Re: Add vfio-platform support for ONESHOT irq forwarding?

Auger Eric <eric.auger@xxxxxxxxxx> · Sat, 30 Jan 2021 17:38:43 +0100

Hi Micah,

On 1/29/21 8:57 PM, Micah Morton wrote:
> On Wed, Jan 27, 2021 at 10:58 AM Micah Morton <mortonm@xxxxxxxxxxxx> wrote:
>>
>> On Tue, Jan 26, 2021 at 11:20 AM Auger Eric <eric.auger@xxxxxxxxxx> wrote:
>>>
>>> Hi Micah,
>>>
>>> On 1/26/21 4:15 PM, Micah Morton wrote:
>>>> On Tue, Jan 26, 2021 at 3:54 AM Auger Eric <eric.auger@xxxxxxxxxx> wrote:
>>>>>
>>>>> Hi,
>>>>>
>>>>> On 1/25/21 9:36 PM, Alex Williamson wrote:
>>>>>> On Mon, 25 Jan 2021 10:46:47 -0500
>>>>>> Micah Morton <mortonm@xxxxxxxxxxxx> wrote:
>>>>>>
>>>>>>> Hi Eric,
>>>>>>>
>>>>>>> I was recently looking into some vfio-platform passthrough stuff and
>>>>>>> came across a device I wanted to assign to a guest that uses a ONESHOT
>>>>>>> type interrupt (these type of interrupts seem to be quite common, on
>>>>>>> ARM at least). The semantics for ONESHOT interrupts are a bit
>>>>>>> different from regular level triggered interrupts as I'll describe
>>>>>>> here:
>>>>>>>
>>>>>>> The normal generic code flow for level-triggered interrupts is as follows:
>>>>>>>
>>>>>>> - regular type[1]: mask[2] the irq, then run the handler, then
>>>>>>> unmask[3] the irq and done
>>>>>>>
>>>>>>> - fasteoi type[4]: run the handler, then eoi[5] the irq and done
>>>>>>>
>>>>>>> Note: IIUC the fasteoi type doesn't do any irq masking/unmasking
>>>>>>> because that is assumed to be handled transparently by "modern forms
>>>>>>> of interrupt handlers, which handle the flow details in hardware"
>>>>>>>
>>>>>>> ONESHOT type interrupts are a special case of the fasteoi type
>>>>>>> described above. They rely on the driver registering a threaded
>>>>>>> handler for the interrupt and assume the irq line will remain masked
>>>>>>> until the threaded handler completes, at which time the line will be
>>>>>>> unmasked. TL;DR:
>>>>>>>
>>>>>>> - mask[6] the irq, run the handler, and potentially eoi[7] the irq,
>>>>>>> then unmask[8] later when the threaded handler has finished running.
>>>>>>
>>>>>> This doesn't seem quite correct to me, it skips the discussion of the
>>>>>> hard vs threaded handler, where the "regular" type would expect the
>>>>>> device interrupt to be masked in the hard handler, such that the
>>>>>> controller line can be unmasked during execution of the threaded handler
>>>>>> (if it exists).  It seems fasteoi is more transactional, ie. rather
>>>>
>>>> handle_irq_event() only waits for the hard handler to run, not the
>>>> threaded handler. And then this comment
>>>> (https://elixir.bootlin.com/linux/v5.10.7/source/kernel/irq/chip.c#L622)

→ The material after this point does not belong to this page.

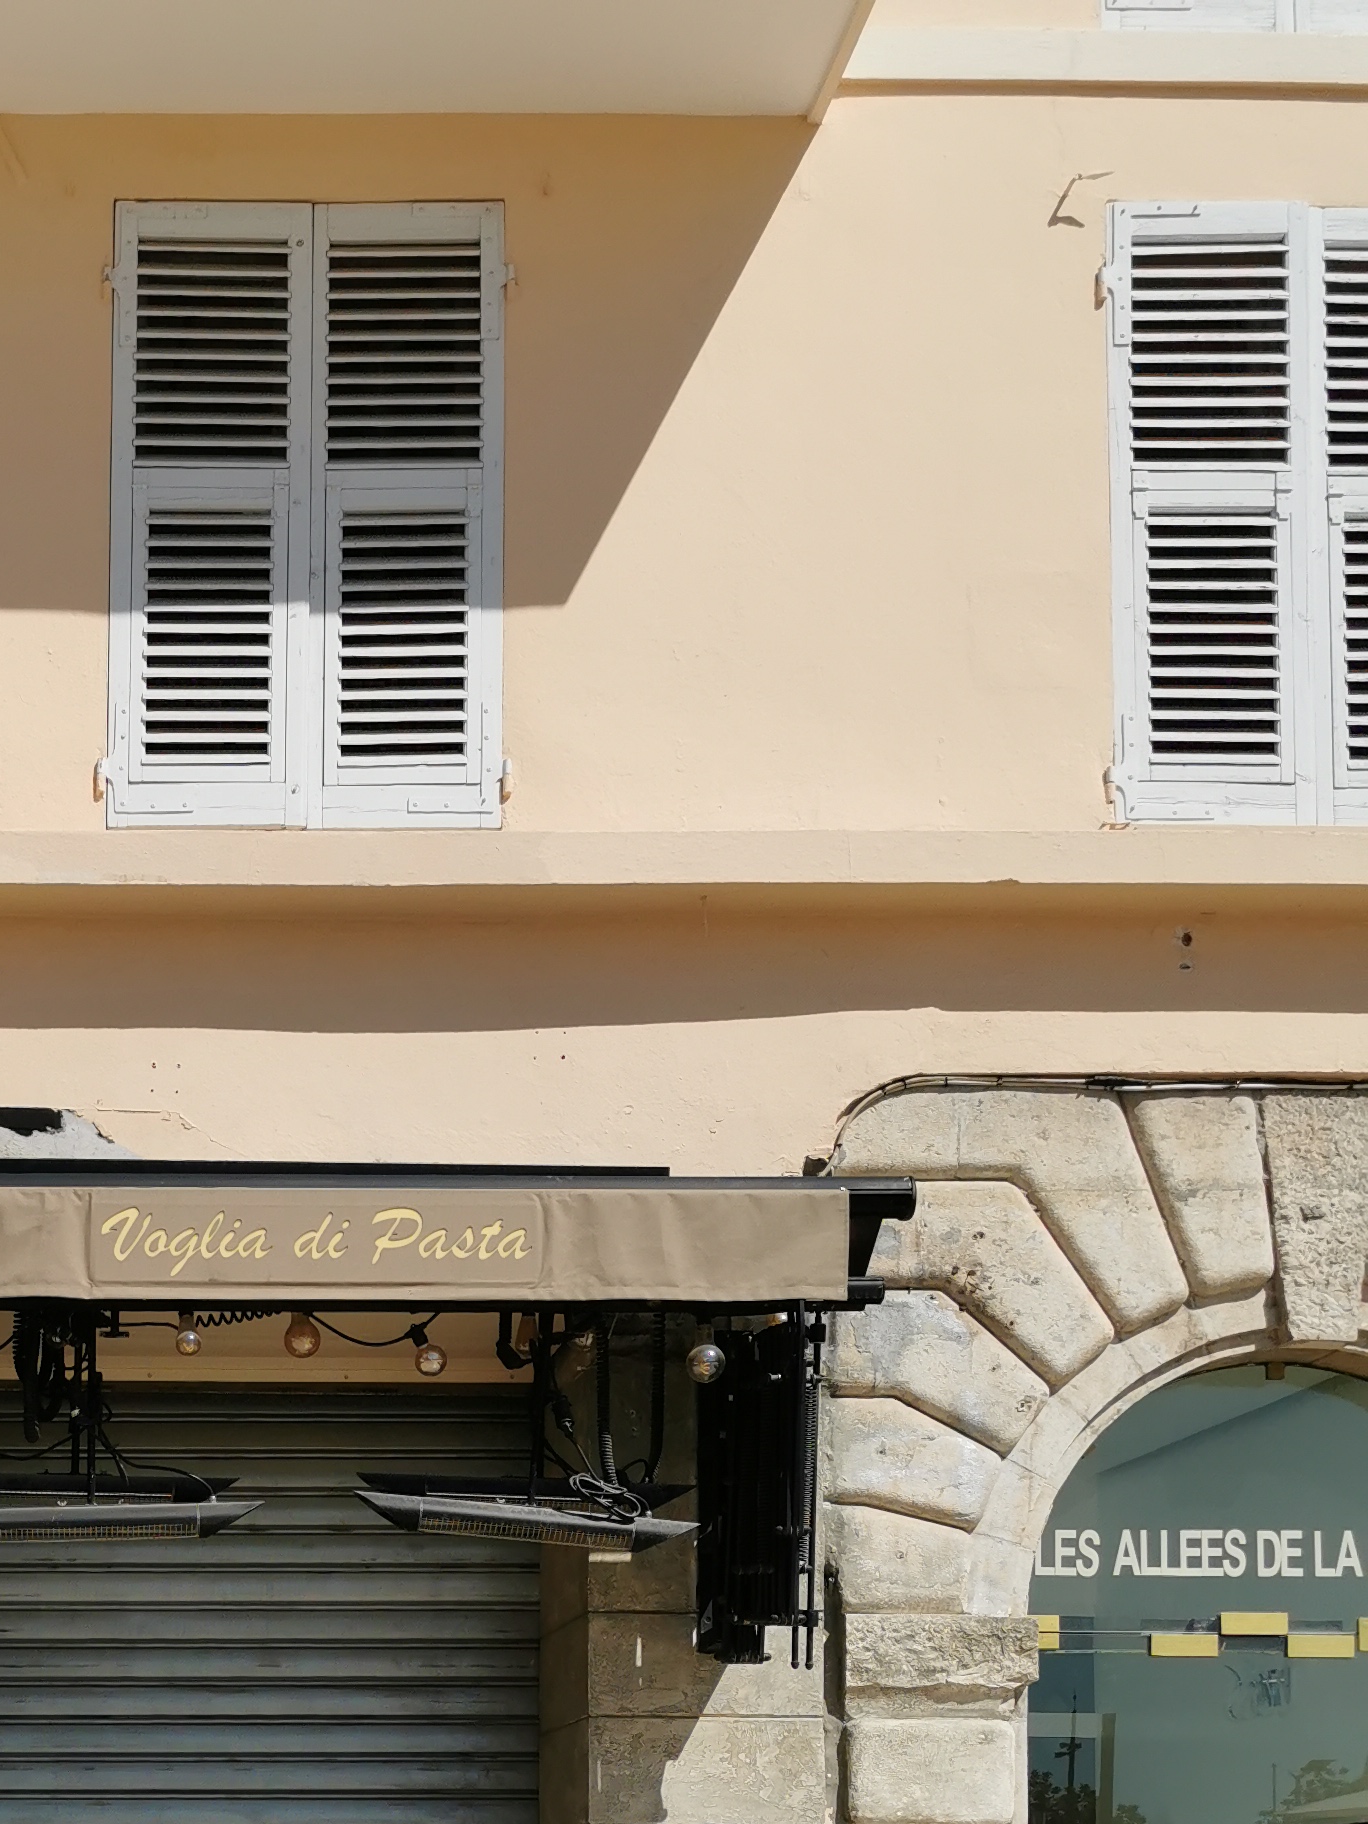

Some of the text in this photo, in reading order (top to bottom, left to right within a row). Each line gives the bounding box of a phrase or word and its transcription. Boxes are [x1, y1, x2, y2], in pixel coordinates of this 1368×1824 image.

[102, 1206, 533, 1277] Voglia di Pasta
[1035, 1528, 1364, 1577] LES ALLEES DE LA

>>>> implies that the "regular" type IRQs are not normally unmasked by the
>>>> threaded handler but rather before that as part of handle_level_irq()

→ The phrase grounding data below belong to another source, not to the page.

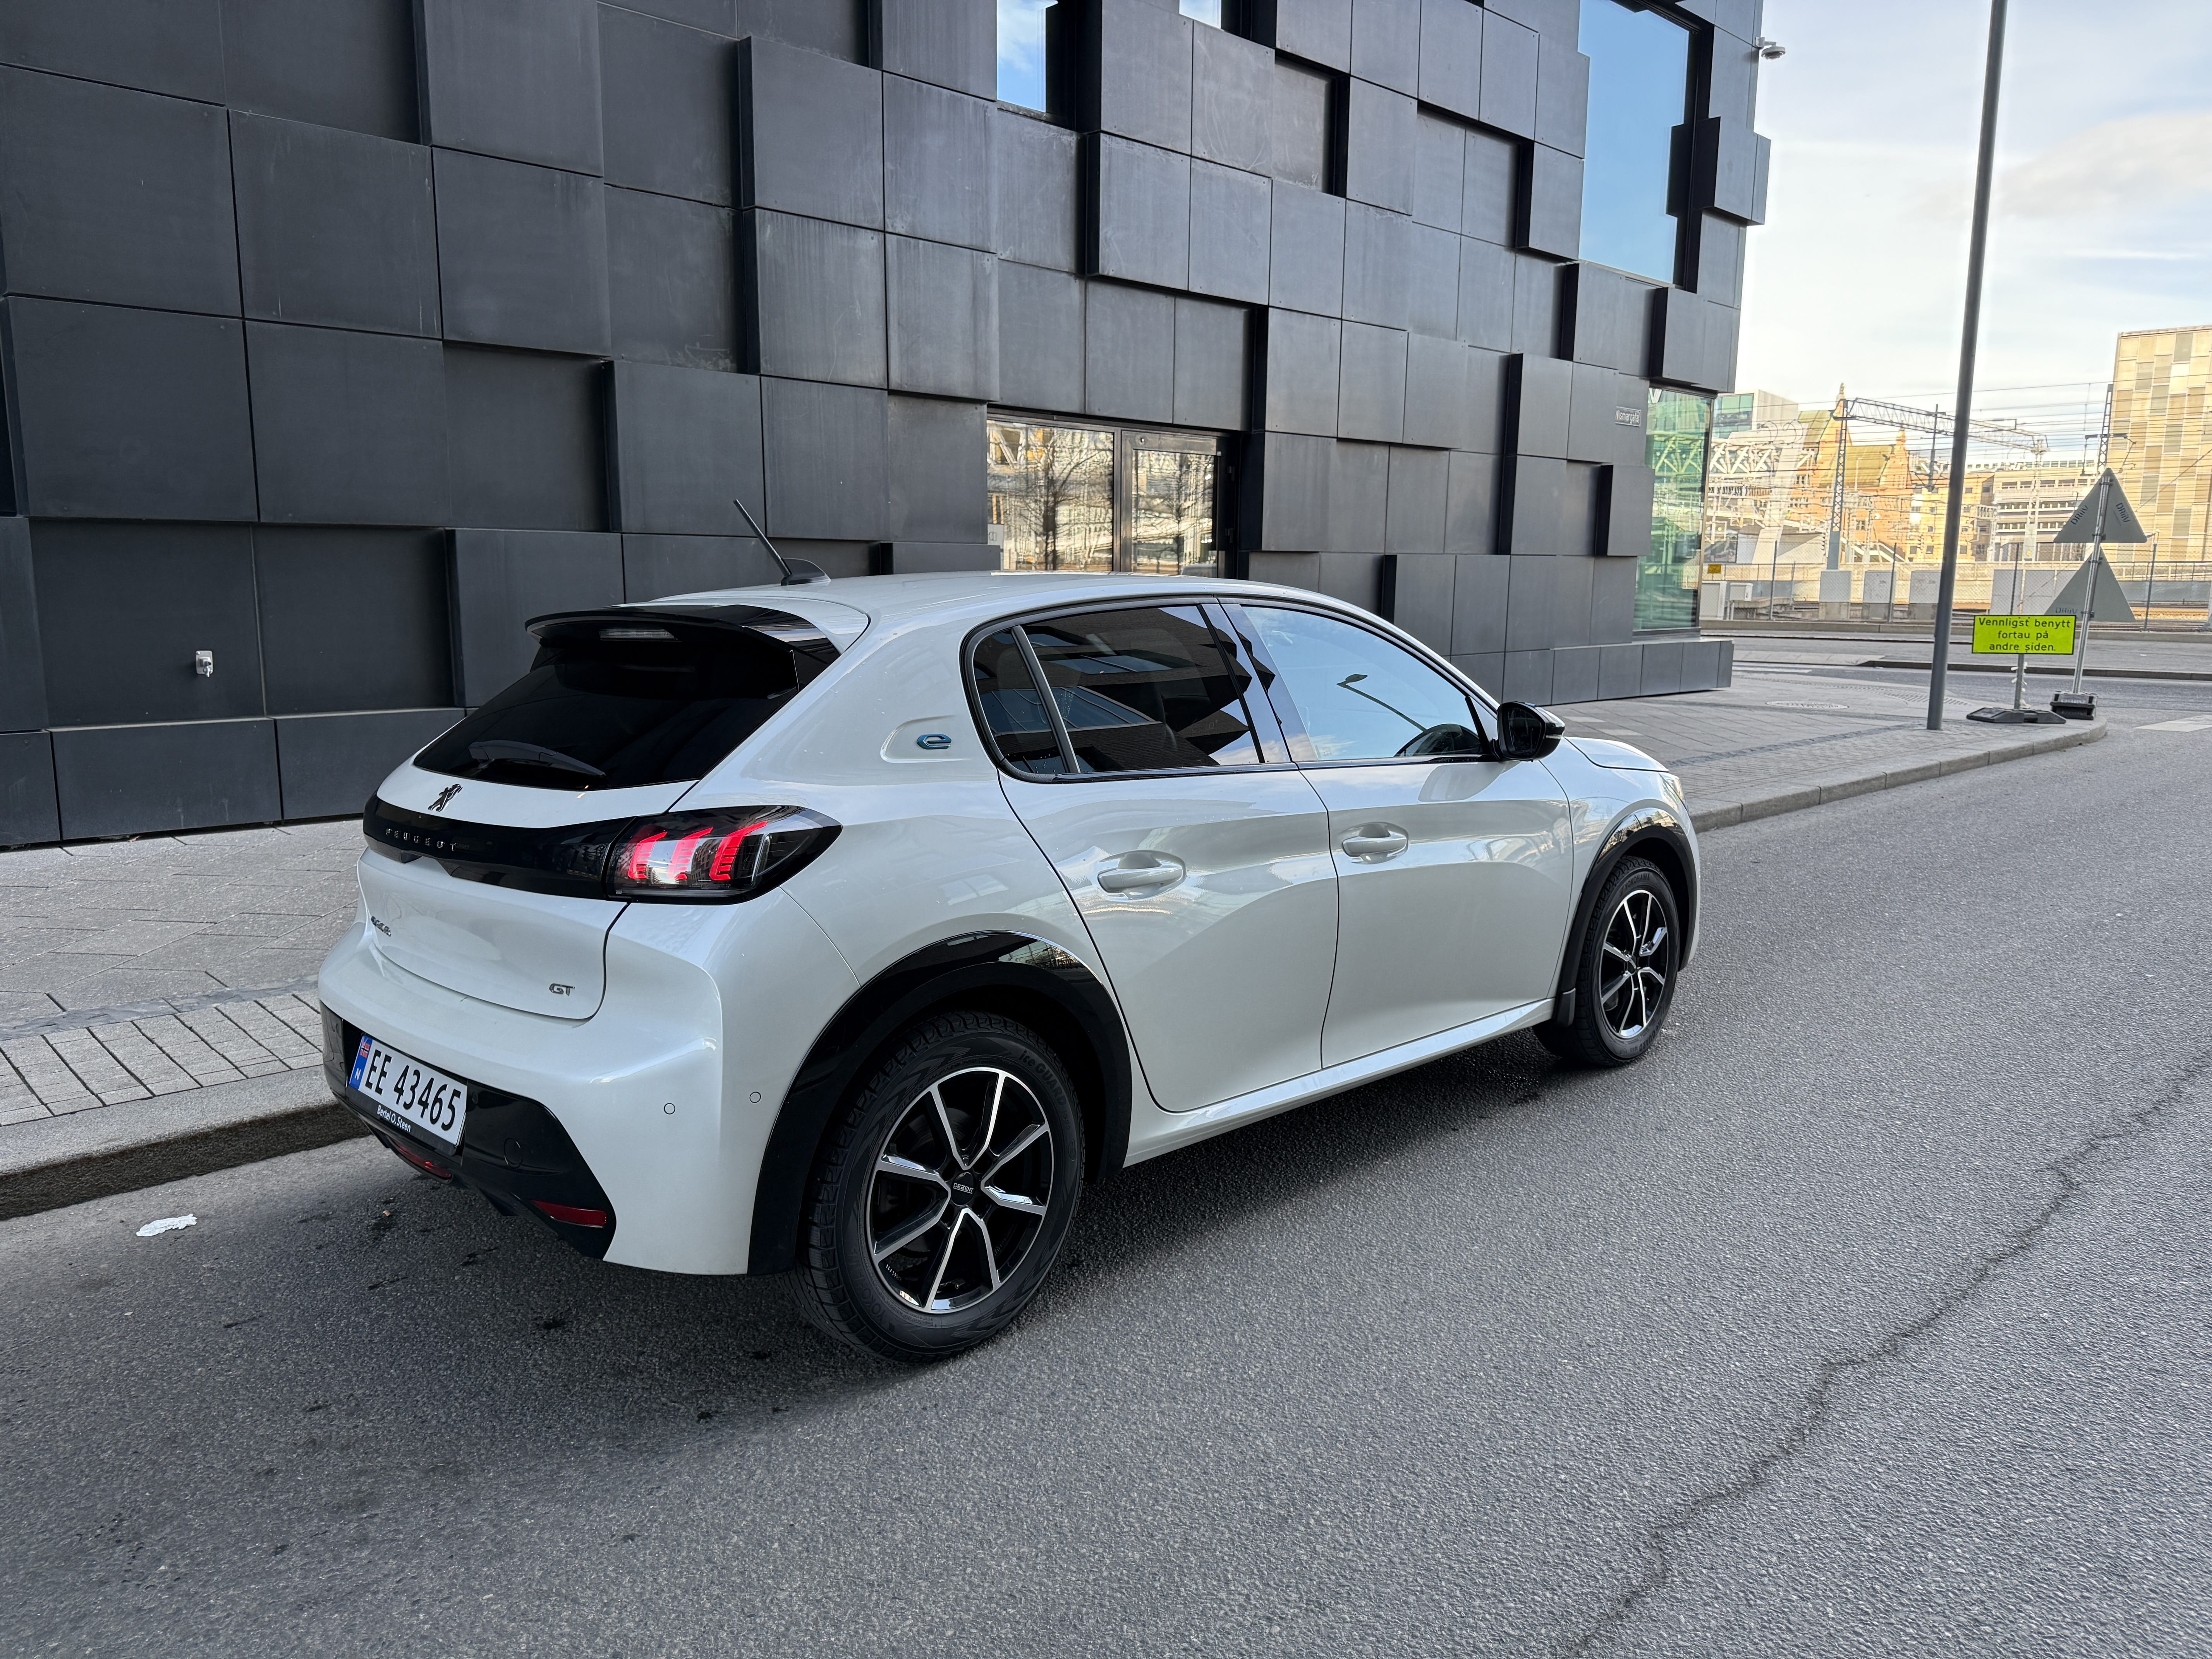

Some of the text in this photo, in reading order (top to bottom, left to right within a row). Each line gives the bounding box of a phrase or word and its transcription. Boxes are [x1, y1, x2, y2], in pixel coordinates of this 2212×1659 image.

[1979, 617, 2071, 629] Vennligst benytt
[1998, 630, 2049, 641] fortau på
[2025, 642, 2056, 651] siden.
[386, 828, 457, 851] PEUGEOT
[1625, 874, 1650, 890] YOKOHAMA
[549, 983, 575, 996] GT
[354, 1068, 361, 1080] N
[365, 1049, 461, 1131] EE 43465
[377, 1104, 411, 1133] Bertel O. Steen
[953, 1182, 974, 1192] DEZENT

>>>> after handle_irq_event() has returned (since cond_unmask_irq() is
>>>> always called there and handle_irq_event() doesn't wait for the
>>>> threaded handler to run before returning). I don't actually have first
>>>> hand knowledge one way or another whether threaded handlers normally
>>>> unmask the IRQ themselves -- just reading the generic IRQ code. Let me
>>>> know if I'm missing something here.
>>>>
>>>>>> than masking around quiescing the device interrupt, we only need to
>>>>>> send an eoi once we're ready for a new interrupt.  ONESHOT, OTOH, is a
>>>>>> means of deferring all device handling to the threaded interrupt,
>>>>>> specifically for cases such as an i2c device where the bus interaction
>>>>>> necessitates non-IRQ-context handling.  Sound right?
>>>>
>>>> The rest of this matches my understanding.
>>>>
>>>>>>
>>>>>>>
>>>>>>> For vfio-platform irq forwarding, there is no existing function in
>>>>>>> drivers/vfio/platform/vfio_platform_irq.c[9] that is a good candidate
>>>>>>> for registering as the threaded handler for a ONESHOT interrupt in the
>>>>>>> case we want to request the ONESHOT irq with
>>>>>>> request_threaded_irq()[10]. Moreover, we can't just register a
>>>>>>> threaded function that simply immediately returns IRQ_HANDLED (as is
>>>>>>> done in vfio_irq_handler()[11] and vfio_automasked_irq_handler()[12]),
>>>>>>> since that would cause the IRQ to be unmasked[13] immediately, before
>>>>>>> the userspace/guest driver has had any chance to service the
>>>>>>> interrupt.
>>>>>>
>>>>>> Are you proposing servicing the device interrupt before it's sent to
>>>>>> userspace?  A ONESHOT irq is going to eoi the interrupt when the thread
>>>>
>>>> No I wasn't thinking of doing any servicing before userspace gets it
>>>>
>>>>>> exits, before userspace services the interrupt, so this seems like a
>>>>
>>>> Yeah, although I would say unmask rather than eoi, since as Eric just
>>>> pointed out IRQCHIP_EOI_THREADED is not supported by GIC. IOW, the GIC
>>>> irqchip does not "require eoi() on unmask in threaded mode"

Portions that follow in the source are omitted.